>>>
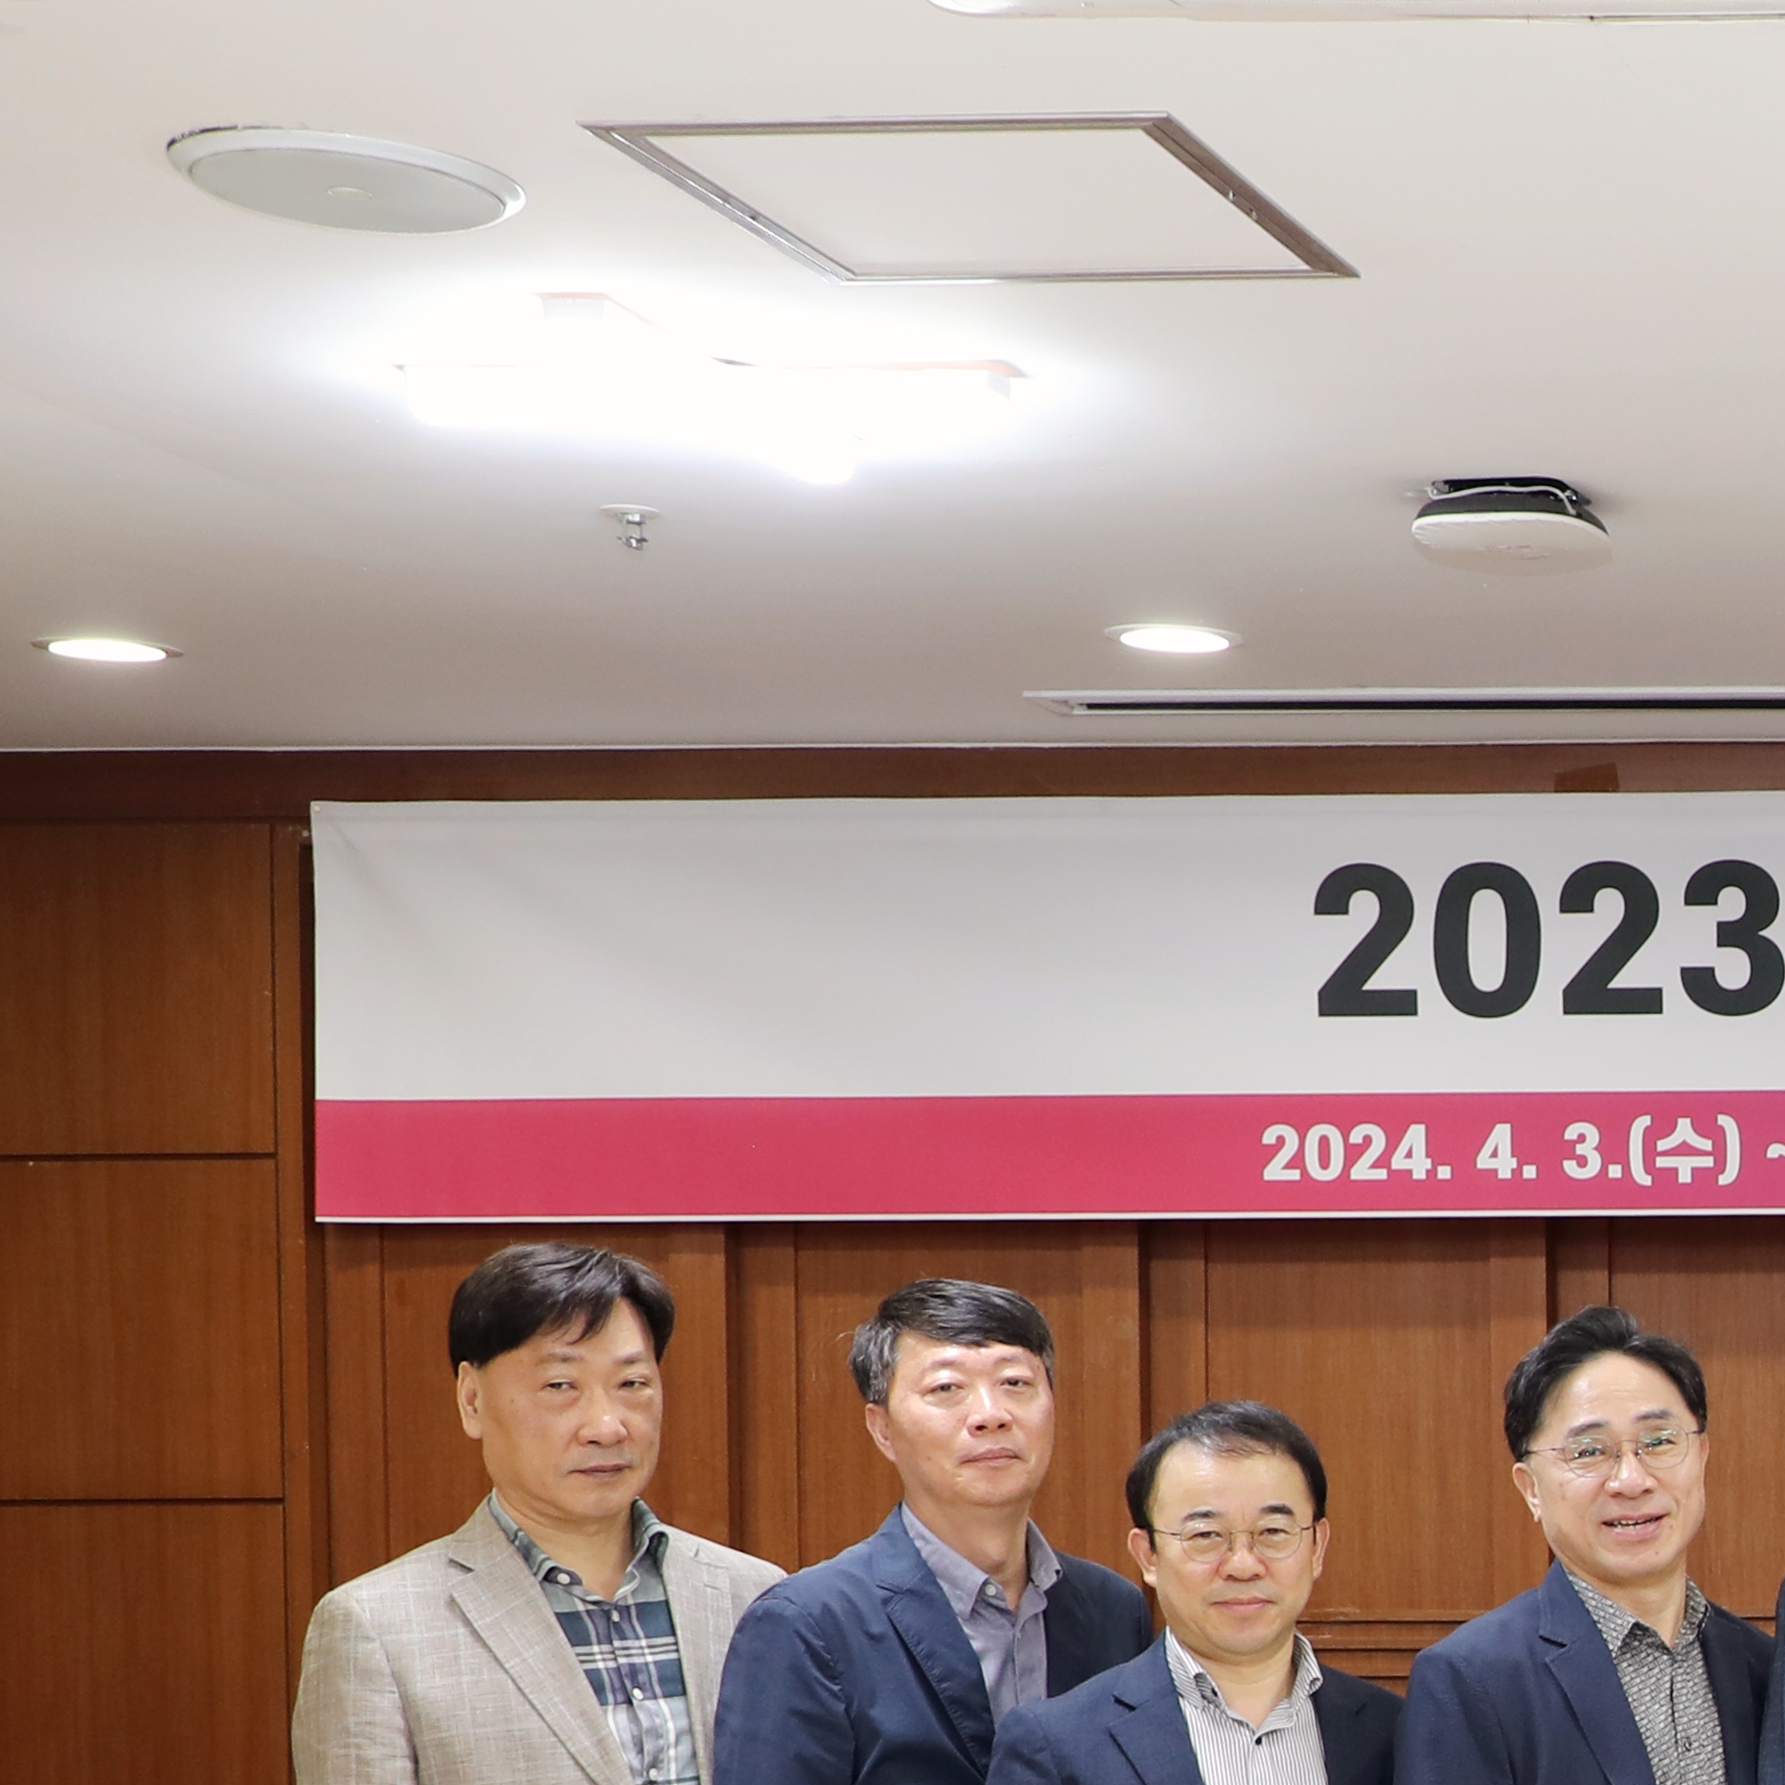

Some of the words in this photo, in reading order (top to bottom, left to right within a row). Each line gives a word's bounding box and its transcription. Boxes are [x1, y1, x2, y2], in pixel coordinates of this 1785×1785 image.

[1260, 1123, 1452, 1182] 2024.
[1475, 1122, 1538, 1180] 4.
[1561, 1114, 1742, 1187] 3.(수)
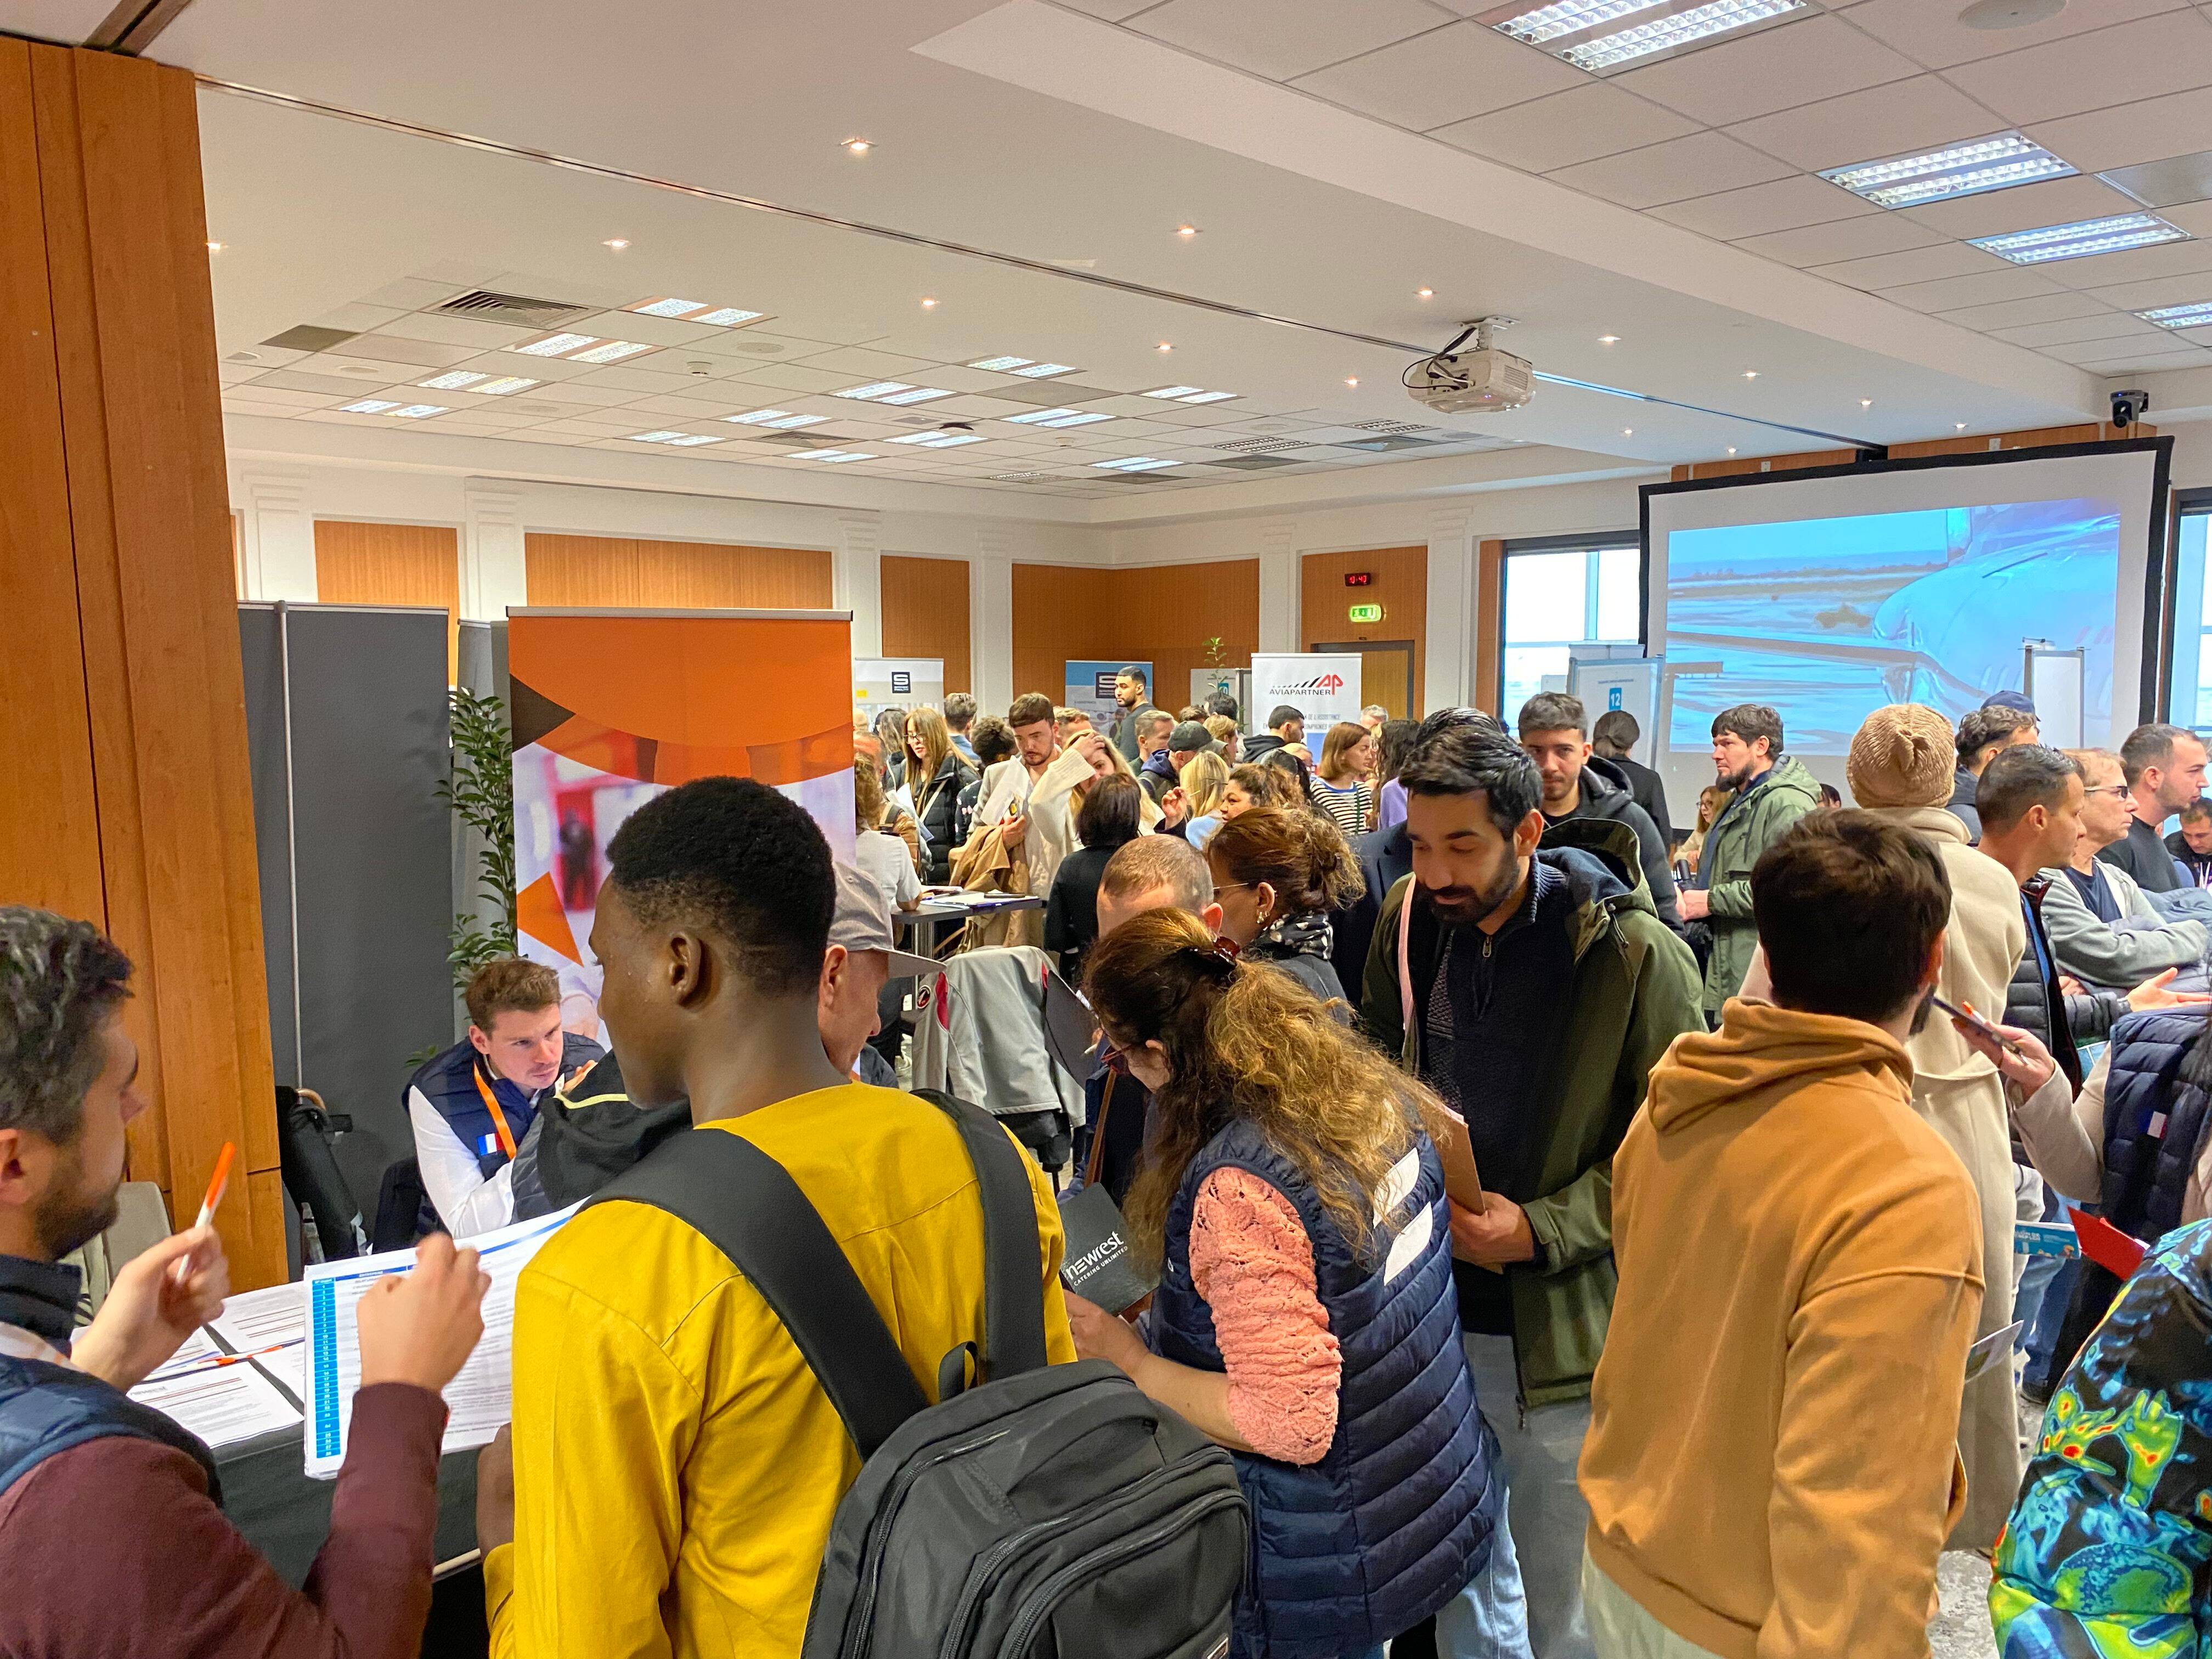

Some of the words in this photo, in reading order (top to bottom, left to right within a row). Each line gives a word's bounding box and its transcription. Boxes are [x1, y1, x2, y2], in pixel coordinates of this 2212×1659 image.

[1611, 693, 1621, 707] 12
[1074, 1265, 1100, 1286] CATERING
[1100, 1245, 1128, 1267] UNLIMITED
<<<
Repeat precisely, and with nothing added, every line from the one containing "this 2212×1659 image." to the last line of the listing above.

### Response area:
Some of the words in this photo, in reading order (top to bottom, left to right within a row). Each line gives a word's bounding box and its transcription. Boxes are [x1, y1, x2, y2], in pixel coordinates of this 2212×1659 image.

[1611, 693, 1621, 707] 12
[1074, 1265, 1100, 1286] CATERING
[1100, 1245, 1128, 1267] UNLIMITED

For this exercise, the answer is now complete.